Desde que se reinició el proceso democrático electoral colombiano en 1958, el sufragio ha estado, casi siempre, viciado por la restricción política, el fraude o por la violencia. De ahí que el nuevo presidente, como líder político, tiene el deber de consolidar la unidad nacional, para una democracia incluyente y para la paz. En esta oportunidad, muy a pesar de la polarización social, del odio y del miedo (promovidos desde el poder), endilgados a la oposición como un mecanismo de dominación y descalificación, el presidente electo es el resultado de la influencia de factores sociales e individuales. No se trataba, para la inmensa mayoría de colombianos, de imponer un gobierno para simplemente reconstruir el orden y la autoridad, sino principalmente para recuperar la justicia perdida y una paz que ha sido atropellada. Esto no lo entendieron las élites gubernamentales, que siguen divorciadas de la sociedad.
Los colombianos buscan y aspiran tener un gobernante que respete el derecho, la libertad y la justicia. Por ello nuestra democracia, para los colombianos de a pie, no es ver enemigos a la derecha o a la izquierda. El enemigo está en el autoritarismo, la exclusión social y la debilidad institucional. En una democracia madura no existen enemigos ideológicos. Pero en Colombia, unas minorías en el poder la convirtieron en el dominio de todos los “malos” y males, convencidas de que el Estado se mantiene solo con palabras; contrario a lo que pensaba Nicolas Maquiavelo, en su tratado sobre El Príncipe. Así, lentamente se fue perdiendo la soberanía de la ley. En este contexto, los partidos no han sido leales con la democracia; y por ello se han aprovechado de ella para facilitar la realización de intereses particulares, en detrimento del interés público. Cuando la democracia es aprovechada por alguien que impide que los demás, incluidos sus adversarios políticos, se defiendan con el mismo sistema, esta se convierte en oprobiosa, tiránica y excluyente.
La aspiración ciudadana, expresada ayer en las urnas, es que el presidente se oponga a toda arbitrariedad y a la inmoralidad pública. Un presidente debe tener como motivaciones el programa político y la obligación personal de trabajar para la sociedad, más que la búsqueda del prestigio social, la sociabilidad, el juego de la acción política o la adulación. Por lo anterior, no es aceptable que el horizonte político se soporte en algo ruin, menesteroso y de mal gusto. Así mismo se espera, del próximo gobierno, que no emule lo de siempre: despreciar al Congreso o intentar comprarlo; pues así lo convierte en una institución inútil.
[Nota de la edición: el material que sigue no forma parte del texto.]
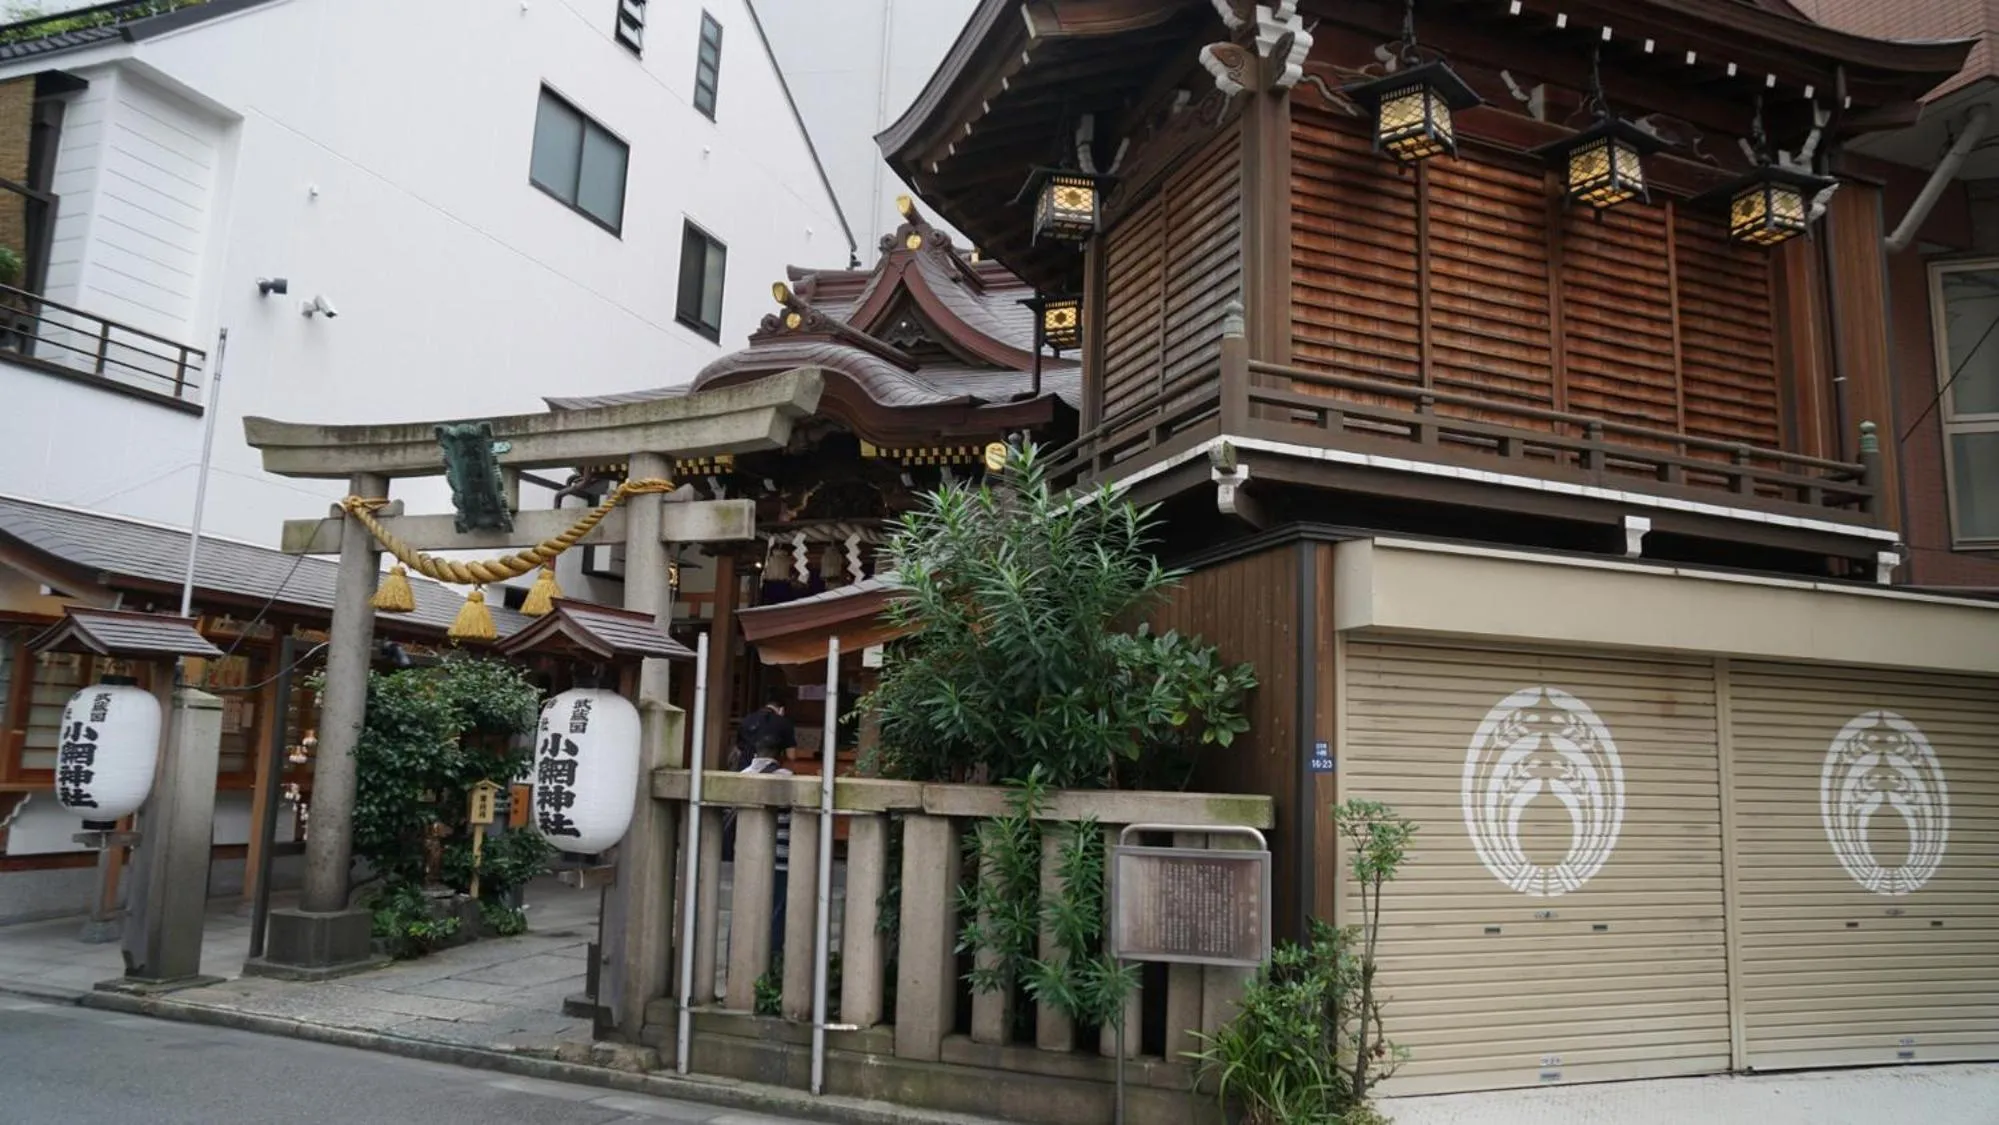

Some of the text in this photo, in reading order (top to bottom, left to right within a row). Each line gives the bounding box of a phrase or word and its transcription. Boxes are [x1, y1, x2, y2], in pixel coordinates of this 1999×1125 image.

Aunque los parlamentarios parecen insaciables, y de alguna manera son el reflejo de una decadencia moral y política del país, su repugnante actuar y la mediocre actividad legislativa podrían atenuarse positivamente con el libre juego de los partidos políticos. Partidos invisibilizados y que se han replegado por causa de un régimen político que los hace fácilmente sustituibles y les reduce posibilidades reales de actuar con legítima discrecionalidad.
Ayer elegimos una nueva oportunidad, si no reconstruimos enemigos.